Saved entries
================
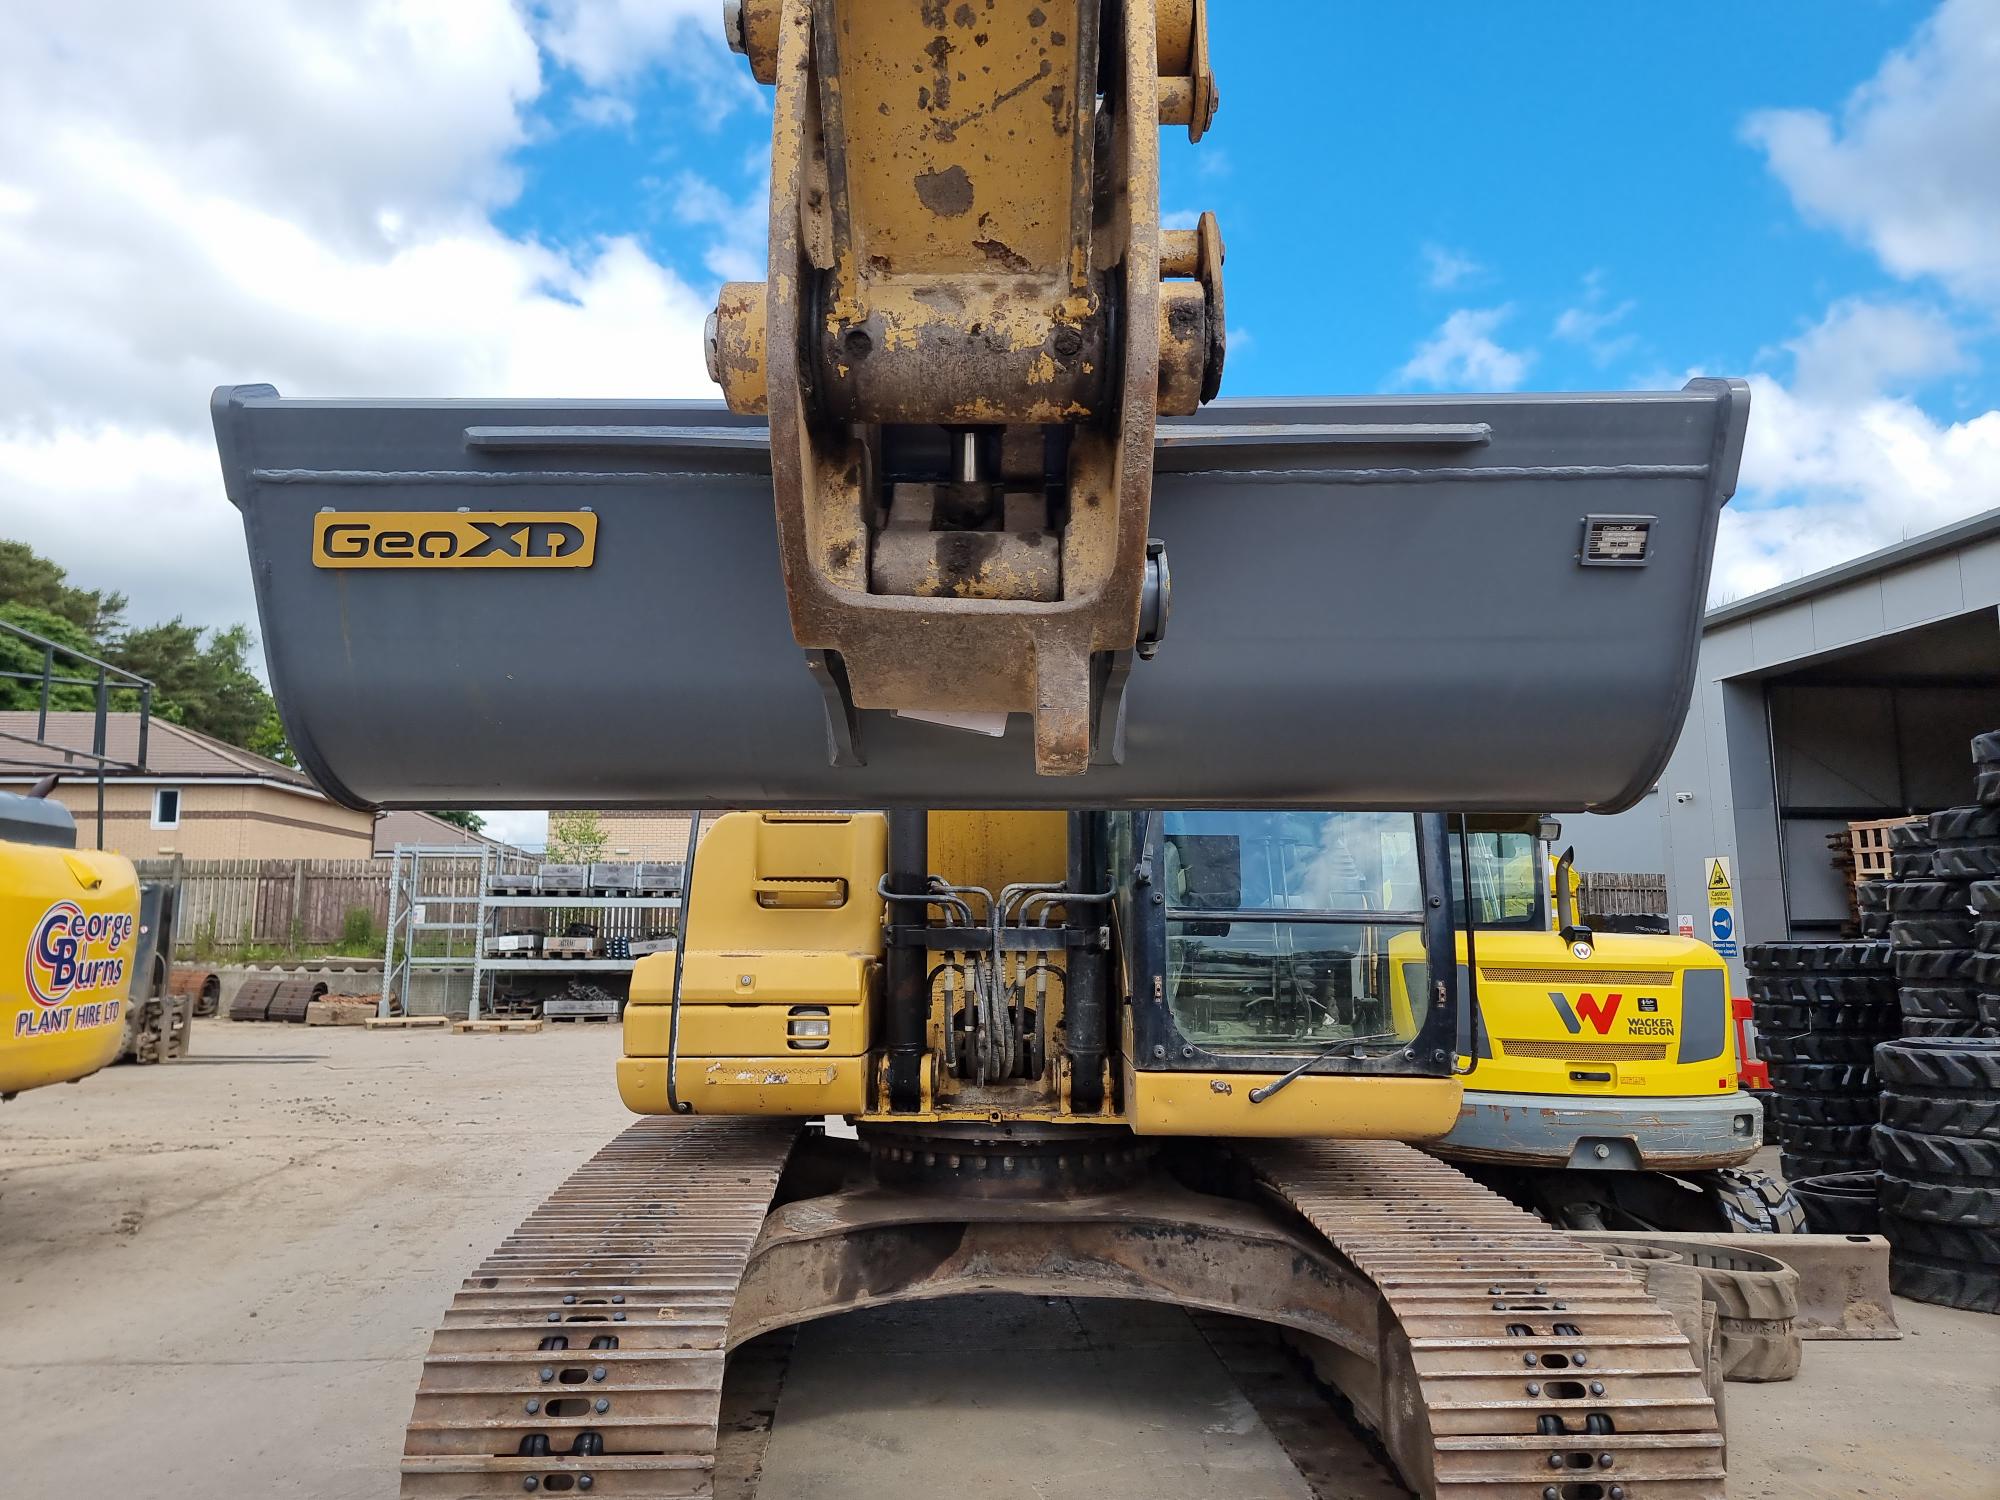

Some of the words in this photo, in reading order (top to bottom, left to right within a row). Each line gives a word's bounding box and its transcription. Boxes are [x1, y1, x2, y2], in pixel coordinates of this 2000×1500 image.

[38, 913, 133, 966] George
[52, 937, 124, 989] Burns
[15, 1008, 72, 1037] PLANT
[75, 1004, 102, 1029] HIRE
[104, 1001, 120, 1024] LTD
[1627, 1018, 1673, 1027] WACKER
[1628, 1027, 1675, 1036] NEUSON
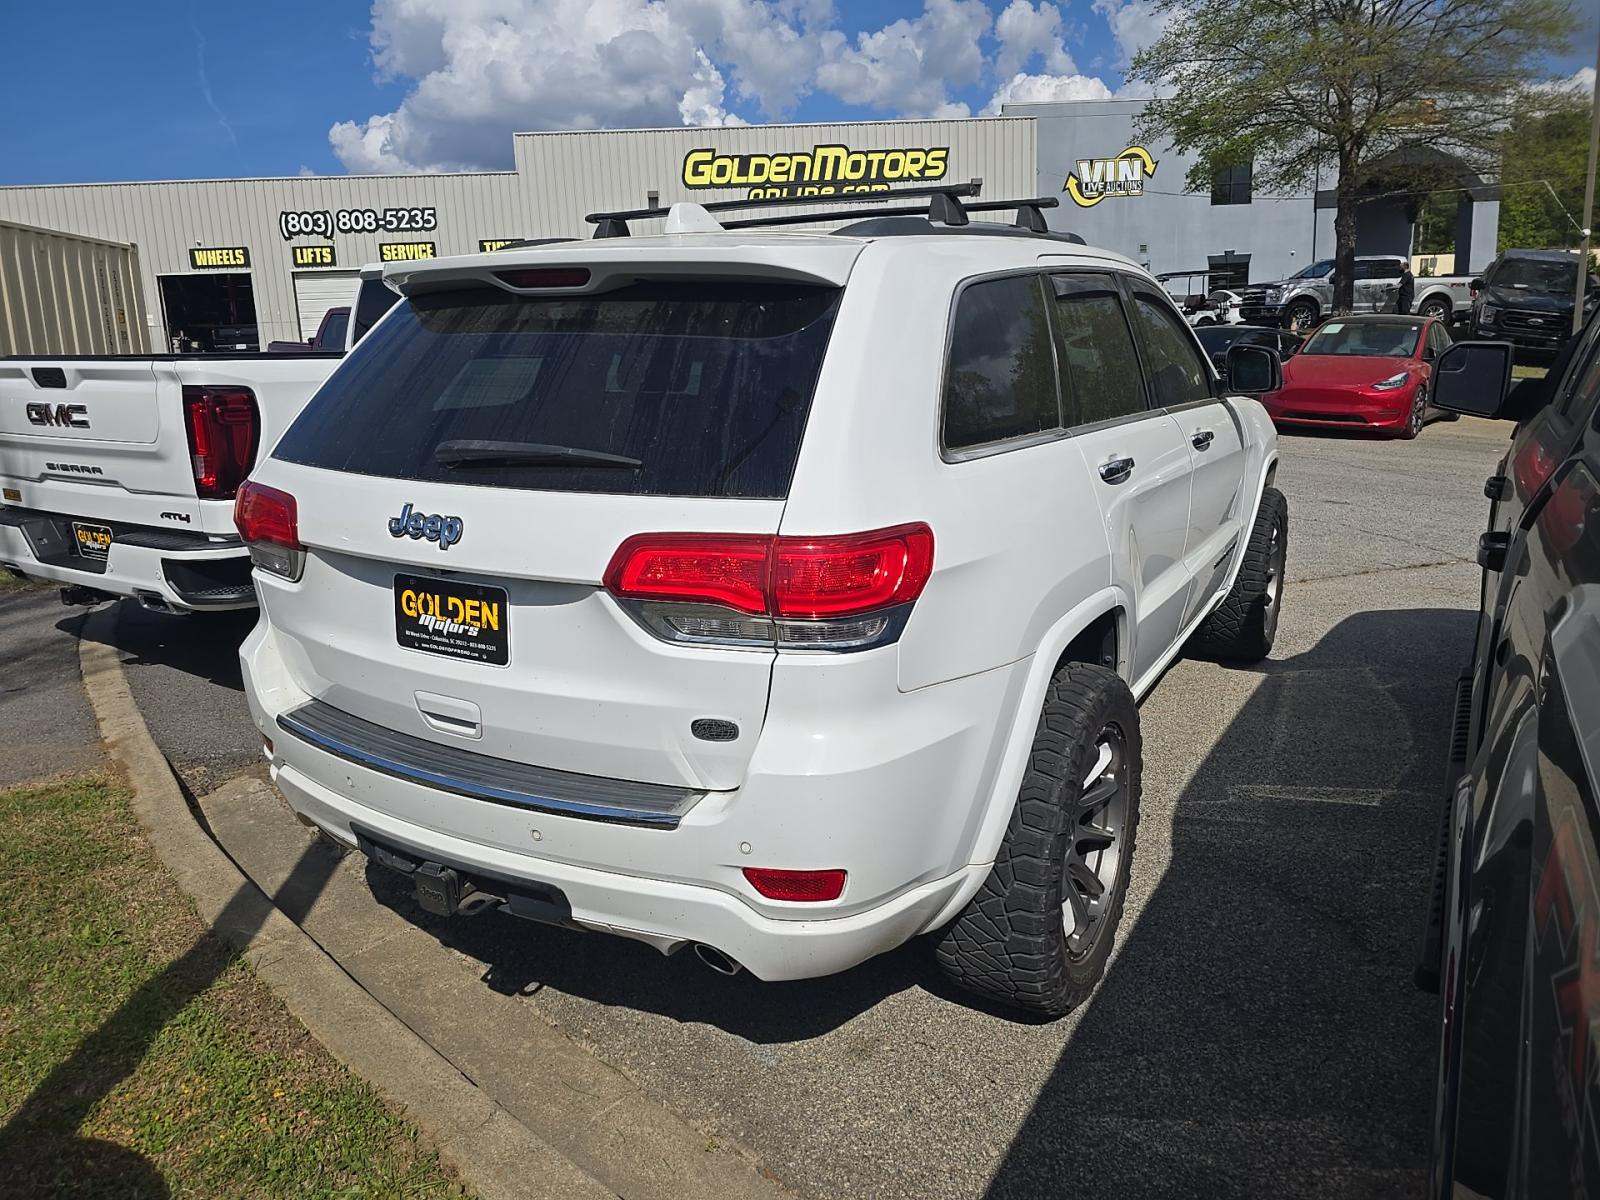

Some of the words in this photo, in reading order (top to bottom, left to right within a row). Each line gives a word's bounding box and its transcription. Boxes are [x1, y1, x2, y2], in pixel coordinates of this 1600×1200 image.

[1077, 159, 1143, 197] VIN
[1083, 182, 1105, 192] LIVE
[1106, 181, 1142, 192] AUCTIONS
[280, 211, 333, 239] (803)
[337, 209, 436, 230] 808-5235
[194, 249, 245, 266] WHEELS
[296, 247, 332, 264] LIFTS
[382, 243, 434, 261] SERVICE
[26, 402, 90, 428] GMC
[46, 462, 103, 475] SIERRA
[160, 512, 190, 523] AT4
[388, 502, 463, 550] Jeep
[77, 529, 111, 545] GOLDEN
[401, 589, 499, 631] GOLDEN
================
*EXERCISE DESCRIPTION*
Your copy of the records above should be exact and contain no pictures.

*SOLUTION*
Some of the words in this photo, in reading order (top to bottom, left to right within a row). Each line gives a word's bounding box and its transcription. Boxes are [x1, y1, x2, y2], in pixel coordinates of this 2000×1500 image.

[38, 913, 133, 966] George
[52, 937, 124, 989] Burns
[15, 1008, 72, 1037] PLANT
[75, 1004, 102, 1029] HIRE
[104, 1001, 120, 1024] LTD
[1627, 1018, 1673, 1027] WACKER
[1628, 1027, 1675, 1036] NEUSON

Some of the words in this photo, in reading order (top to bottom, left to right within a row). Each line gives a word's bounding box and its transcription. Boxes are [x1, y1, x2, y2], in pixel coordinates of this 1600×1200 image.

[1077, 159, 1143, 197] VIN
[1083, 182, 1105, 192] LIVE
[1106, 181, 1142, 192] AUCTIONS
[280, 211, 333, 239] (803)
[337, 209, 436, 230] 808-5235
[194, 249, 245, 266] WHEELS
[296, 247, 332, 264] LIFTS
[382, 243, 434, 261] SERVICE
[26, 402, 90, 428] GMC
[46, 462, 103, 475] SIERRA
[160, 512, 190, 523] AT4
[388, 502, 463, 550] Jeep
[77, 529, 111, 545] GOLDEN
[401, 589, 499, 631] GOLDEN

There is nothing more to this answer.